Information shown –
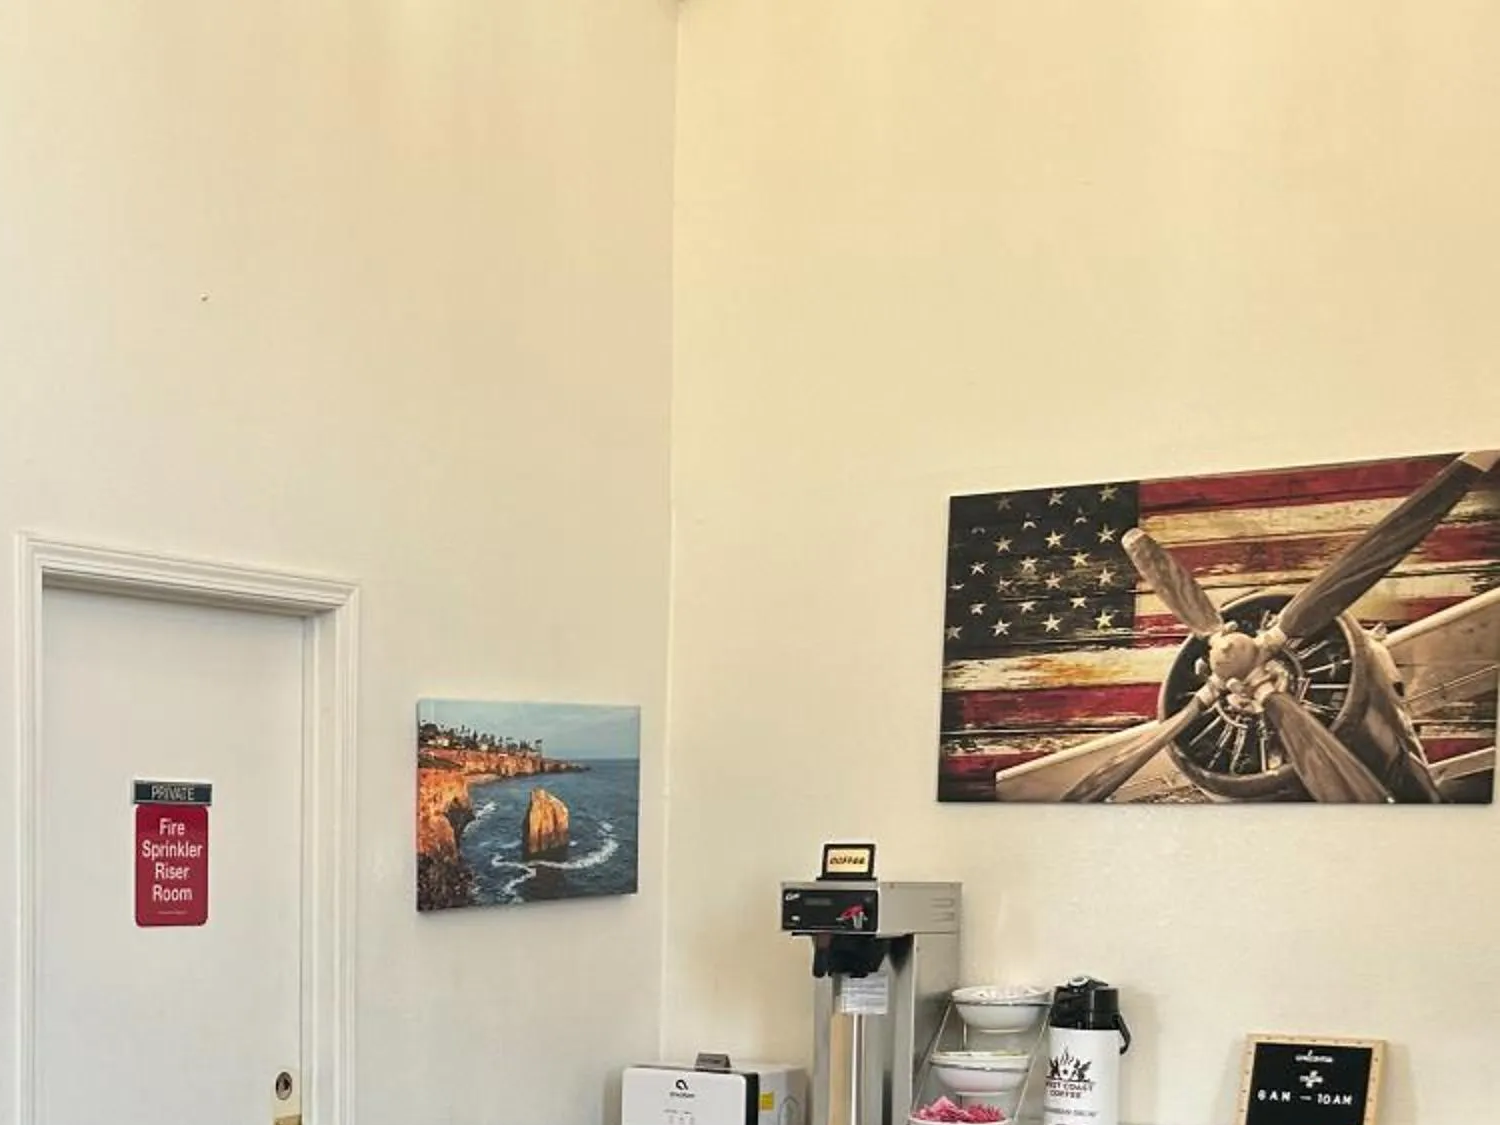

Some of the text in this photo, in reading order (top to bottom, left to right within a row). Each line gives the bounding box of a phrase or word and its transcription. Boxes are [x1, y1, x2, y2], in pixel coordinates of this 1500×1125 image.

[151, 785, 195, 801] PRIVATE
[159, 818, 186, 836] Fire
[141, 840, 203, 861] Sprinkler
[155, 862, 190, 880] Riser
[152, 884, 193, 902] Room

Work to be completed – Pictures stay out of the copy; print the material above exactly.

Written answer –
Some of the text in this photo, in reading order (top to bottom, left to right within a row). Each line gives the bounding box of a phrase or word and its transcription. Boxes are [x1, y1, x2, y2], in pixel coordinates of this 1500×1125 image.

[151, 785, 195, 801] PRIVATE
[159, 818, 186, 836] Fire
[141, 840, 203, 861] Sprinkler
[155, 862, 190, 880] Riser
[152, 884, 193, 902] Room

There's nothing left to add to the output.